Quella che oggi chiamiamo “Governo Vecchio” è infatti la vecchia via del Parione che, con via di Panico e dei Coronari rappresentava il sistema dei percorsi urbani disegnati nella pianta della città “a ventaglio” che, convergenti verso il ponte di Castel S.Angelo, esaltavano l’accesso al Vaticano. Una via importantissima che ha determinato una sistemazione urbanistica restata immutata fino agli sventramenti fascisti degli anni ’30.

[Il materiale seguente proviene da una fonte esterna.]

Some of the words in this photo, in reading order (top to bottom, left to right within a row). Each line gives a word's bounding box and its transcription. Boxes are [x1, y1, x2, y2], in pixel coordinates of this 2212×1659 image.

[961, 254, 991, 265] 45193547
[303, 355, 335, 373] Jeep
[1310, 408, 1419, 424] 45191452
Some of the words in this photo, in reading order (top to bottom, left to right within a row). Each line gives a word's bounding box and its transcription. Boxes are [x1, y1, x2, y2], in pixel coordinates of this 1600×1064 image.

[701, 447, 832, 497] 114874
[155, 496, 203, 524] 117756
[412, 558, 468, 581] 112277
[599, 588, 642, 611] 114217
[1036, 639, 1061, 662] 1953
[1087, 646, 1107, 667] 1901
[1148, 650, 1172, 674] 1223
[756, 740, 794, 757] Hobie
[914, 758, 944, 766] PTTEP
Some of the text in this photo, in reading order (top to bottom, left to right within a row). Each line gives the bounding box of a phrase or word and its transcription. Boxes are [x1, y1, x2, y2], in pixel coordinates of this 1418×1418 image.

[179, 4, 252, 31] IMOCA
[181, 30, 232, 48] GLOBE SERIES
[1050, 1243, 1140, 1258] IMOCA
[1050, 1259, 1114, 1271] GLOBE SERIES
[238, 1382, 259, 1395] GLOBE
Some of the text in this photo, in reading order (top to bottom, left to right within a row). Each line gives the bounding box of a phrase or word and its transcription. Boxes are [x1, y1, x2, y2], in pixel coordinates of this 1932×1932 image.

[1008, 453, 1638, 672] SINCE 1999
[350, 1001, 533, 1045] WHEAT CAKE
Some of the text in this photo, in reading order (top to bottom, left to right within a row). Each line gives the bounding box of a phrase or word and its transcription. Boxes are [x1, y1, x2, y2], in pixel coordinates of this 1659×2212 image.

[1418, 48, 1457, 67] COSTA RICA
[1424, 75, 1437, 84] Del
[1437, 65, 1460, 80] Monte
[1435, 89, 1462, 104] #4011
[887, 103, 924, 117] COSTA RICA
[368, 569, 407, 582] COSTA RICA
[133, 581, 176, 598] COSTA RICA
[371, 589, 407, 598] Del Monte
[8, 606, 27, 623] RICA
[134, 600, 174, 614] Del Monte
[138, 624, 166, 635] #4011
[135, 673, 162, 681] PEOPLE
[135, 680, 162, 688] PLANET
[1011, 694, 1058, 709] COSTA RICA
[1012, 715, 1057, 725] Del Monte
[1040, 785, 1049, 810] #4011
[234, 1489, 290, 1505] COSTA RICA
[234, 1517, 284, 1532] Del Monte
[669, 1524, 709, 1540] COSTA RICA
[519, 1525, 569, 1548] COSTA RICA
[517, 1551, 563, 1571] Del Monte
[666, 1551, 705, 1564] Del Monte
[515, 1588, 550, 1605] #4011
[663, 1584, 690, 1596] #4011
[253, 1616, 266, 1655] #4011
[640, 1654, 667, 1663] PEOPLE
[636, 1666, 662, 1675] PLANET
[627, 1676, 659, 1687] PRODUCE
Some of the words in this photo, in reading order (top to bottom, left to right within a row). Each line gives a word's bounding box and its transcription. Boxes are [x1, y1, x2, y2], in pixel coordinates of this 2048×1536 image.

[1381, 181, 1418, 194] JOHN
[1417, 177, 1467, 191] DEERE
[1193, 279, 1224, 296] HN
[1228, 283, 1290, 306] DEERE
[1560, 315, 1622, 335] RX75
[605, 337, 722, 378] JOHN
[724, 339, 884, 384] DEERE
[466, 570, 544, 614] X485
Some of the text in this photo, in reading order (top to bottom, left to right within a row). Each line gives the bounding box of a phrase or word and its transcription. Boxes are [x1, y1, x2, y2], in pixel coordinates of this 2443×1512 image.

Oggi Palazzo Nardini è stato riaperto con un occupazione simbolica fatta dai molti (oltre 70 le organizzazioni che animano la campagna “deLiberiamo Roma”) che lo hanno assunto quale convitato di pietra del riutilizzo a fini sociali del tanto abbandonato e inutilizzato patrimonio immobiliare cittadino, che Renzi e Marino vorrebbero alienare per “fare cassa”. Riprendersi l’esistente come “diritto alla città” però non basta. Le delibere d’iniziativa popolare, che oggi stesso saranno presentate al Comune per iniziare la raccolta delle firme e poi discuterle in aula Giulio Cesare, così come impone lo statuto capitolino, sono quattro. Insieme a strappare agli energumeni della rendita e all’appetito del mercato immobiliare il patrimonio pubblico, le delibere interessano la ripubblicizzazione del servizio idrico, ovvero: la difesa del referendum del 2011; spezzare il Patto di Stabilità interno con “l’introduzione di altre misure di finanza pubblica e sociale che contrastino gli effetti che la crisi economico-finanziaria rovocano nella popolazione”; il diritto allo studio, il potenziamento delle risorse per le scuole pubbliche e dire basta ai finanziamenti alle scuole private.

Un panorama “romano”molto diverso da quello che Marino e i suoi assessori si accingono a disegnare, in ossequio a Renzi e al co-sindaco Alfano, fatto di austerità, tasse e privatizzazioni. L’inizio della raccolta delle firme è fissato per il 25 Aprile nel corso delle molte iniziative che ricordano la fine della tirannide fascista.

Firme e parole per continuare a riportare Roma a riprendersi i propri diritti non poteva che avere inizio, molto più che simbolicamente, dal palazzo di via del Governo Vecchio, dove le donne riuscirono a reinventare, con quella lunga occupazione sul finire degli anni ’70, le tematiche del movimento con cui seppero parlare alla città. Governo e Sindaco oggi vogliono continuare a minare questo rudere e criminalmente abbandonarlo a vantaggio di una miriade di luoghi del consumo alimentare e del vestiario, che giorno dopo giorno cancellano il suo essere stato nel corso dei secoli, pur per motivi differenti, uno spazio pubblico della città. A noi impedire questo e tanto altro.